Pawns and minor pieces
The pawn is conceived as a disciplined foot soldier: a smooth orb helm above a flared cloak, with a small mask-like crest on the chest. The rook becomes a fortified tower wrapped in horizontal stone courses and inset shields, suggesting a miniature stronghold marching across the board.
The knight is a fully modeled warhorse, its chamfron and barding adorned with baroque scrollwork and a central fleur-de-lis, emphasizing movement and nobility. The bishop appears in ornate vestments, holding a scepter topped with a stylized lily, merging authority with courtly elegance.
Royal pieces
The queen embodies dynamic splendor: a corseted torso clad in overlapping scale‑like plates, framed by sweeping shoulders and a radiant crown articulated with multiple fleur-de-lis points. Her silhouette narrows gracefully at the waist before flaring into the shared plinth, echoing the rhythm of baroque column bases.
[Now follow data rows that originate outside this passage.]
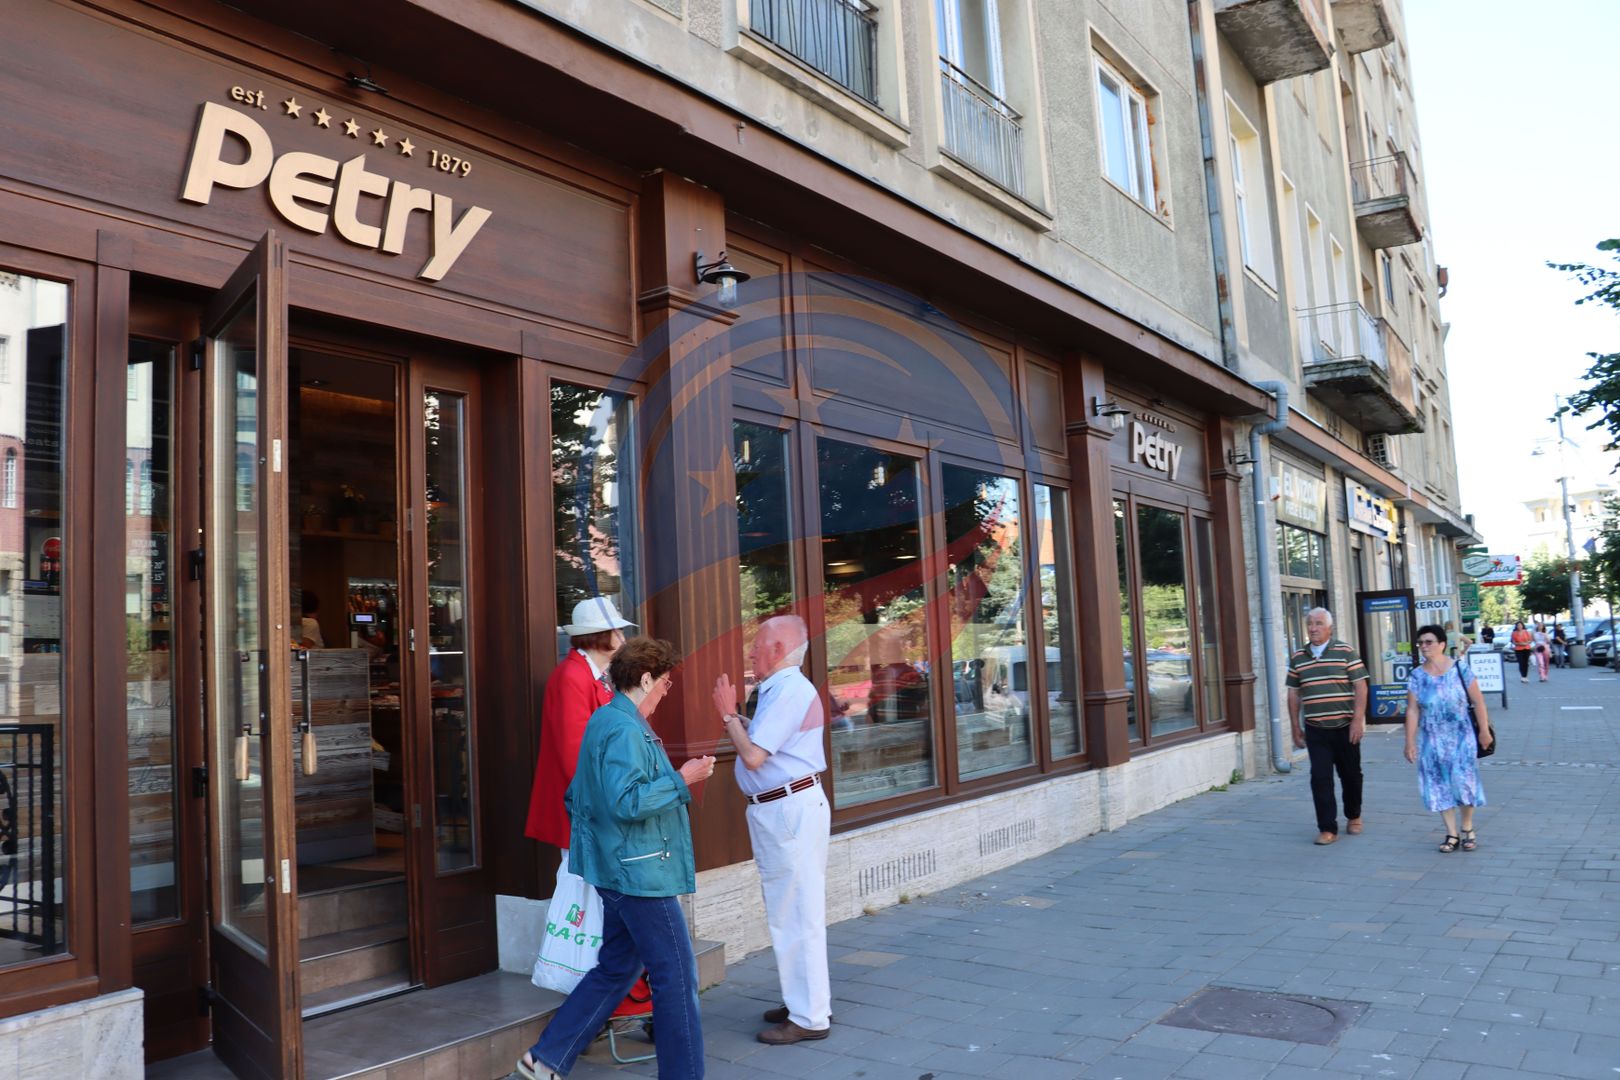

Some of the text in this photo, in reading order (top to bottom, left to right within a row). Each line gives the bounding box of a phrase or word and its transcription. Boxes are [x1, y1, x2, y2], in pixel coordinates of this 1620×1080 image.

[231, 86, 472, 178] est. 1879
[180, 101, 493, 281] Petry
[1130, 421, 1183, 481] Petry
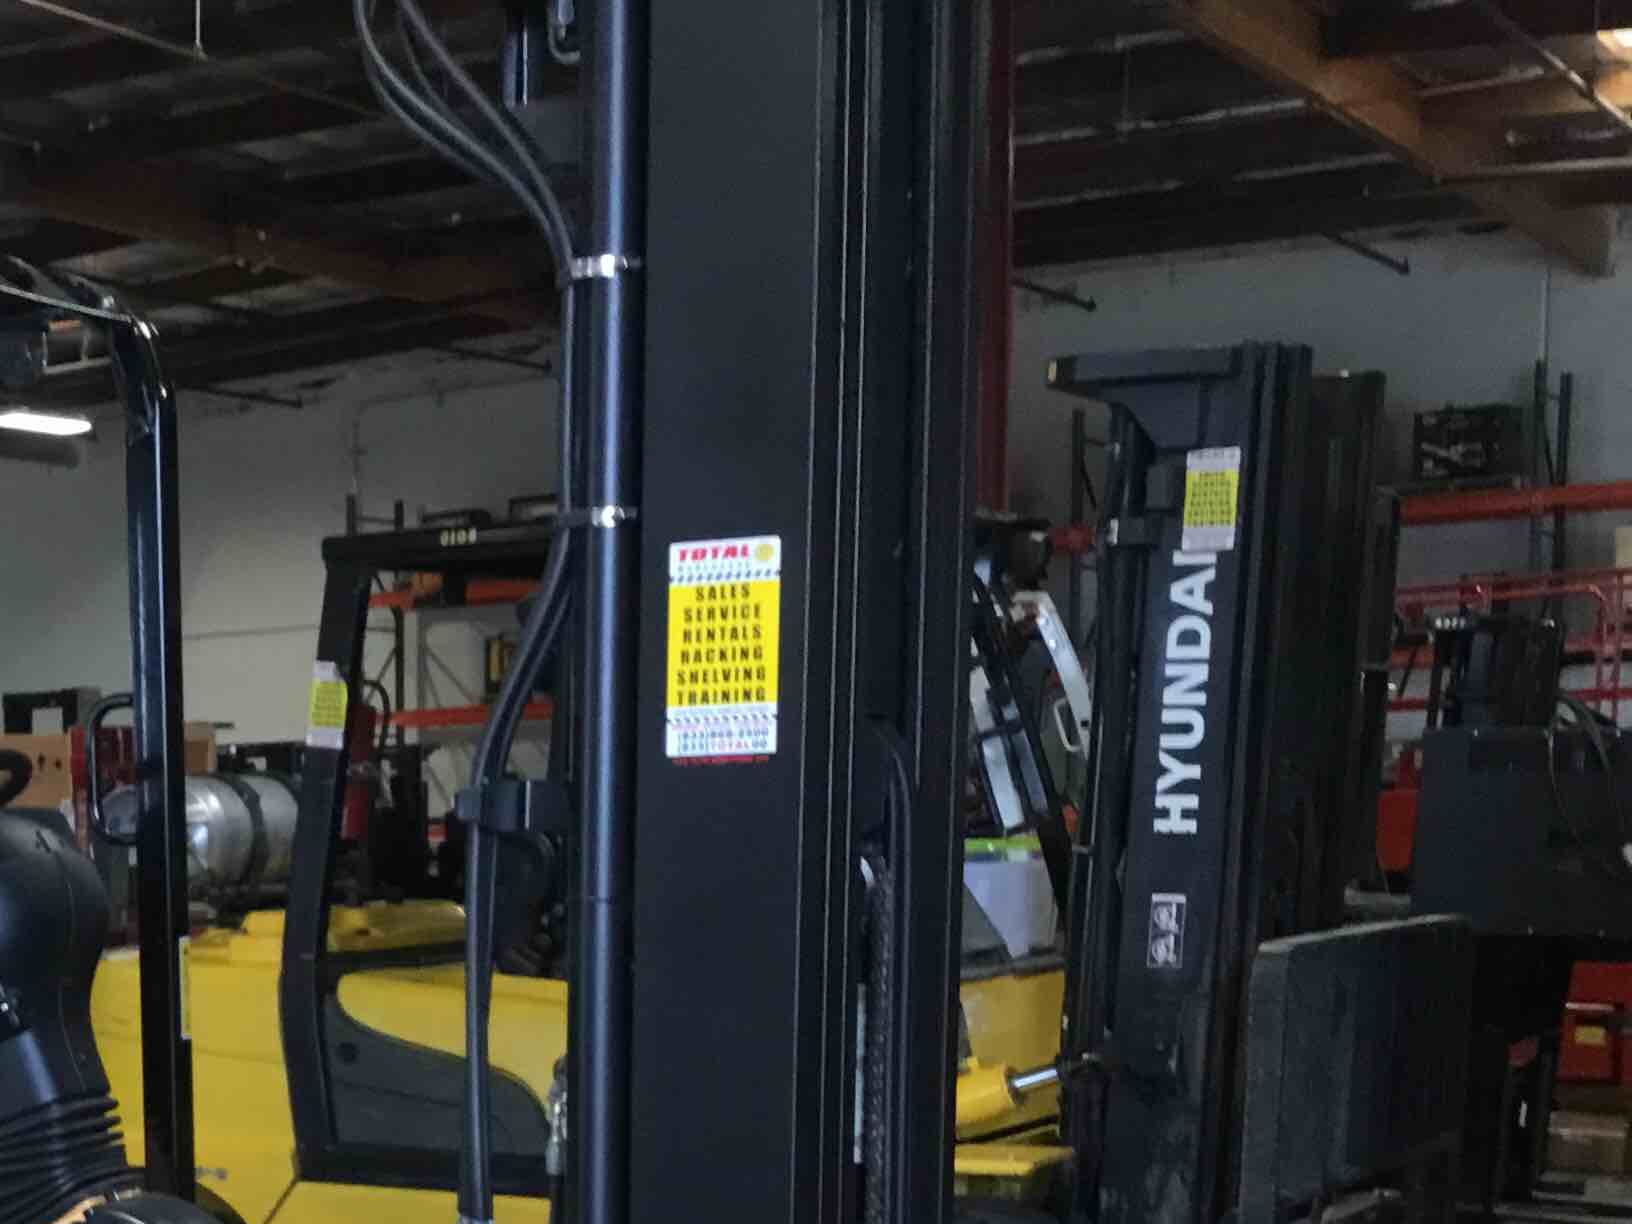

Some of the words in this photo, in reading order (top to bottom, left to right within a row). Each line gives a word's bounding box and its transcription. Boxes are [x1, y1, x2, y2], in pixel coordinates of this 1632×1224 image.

[679, 544, 751, 561] TOTAL
[695, 583, 750, 602] SALES
[683, 602, 761, 623] SERVICE
[682, 624, 762, 644] RENTALS
[680, 645, 764, 665] RACKING
[677, 665, 766, 685] SHELVING
[677, 685, 766, 707] TRAINING
[1153, 550, 1217, 834] HYUNDAI
The king is the most monumental figure, wearing a broad ceremonial cuirass and a tall, tiered crown that stacks ornamental petals and finials toward a single, commanding apex. Subtle differences in proportion, armor detailing, and crown hierarchy clearly distinguish him from the queen while preserving stylistic unity across the set.
Production and use
Optimized as digital models, the pieces are suited for resin or high‑detail FDM printing, balancing fine ornament with robust forms for regular play. The models are hollowed in order to fill it with sand to make them more playable. The cap is adjusted to seal it. Printed in contrasting materials—such as matte white and dark metallic—they can serve equally as a functional tournament set or as a display-ready art object on a baroque-style board.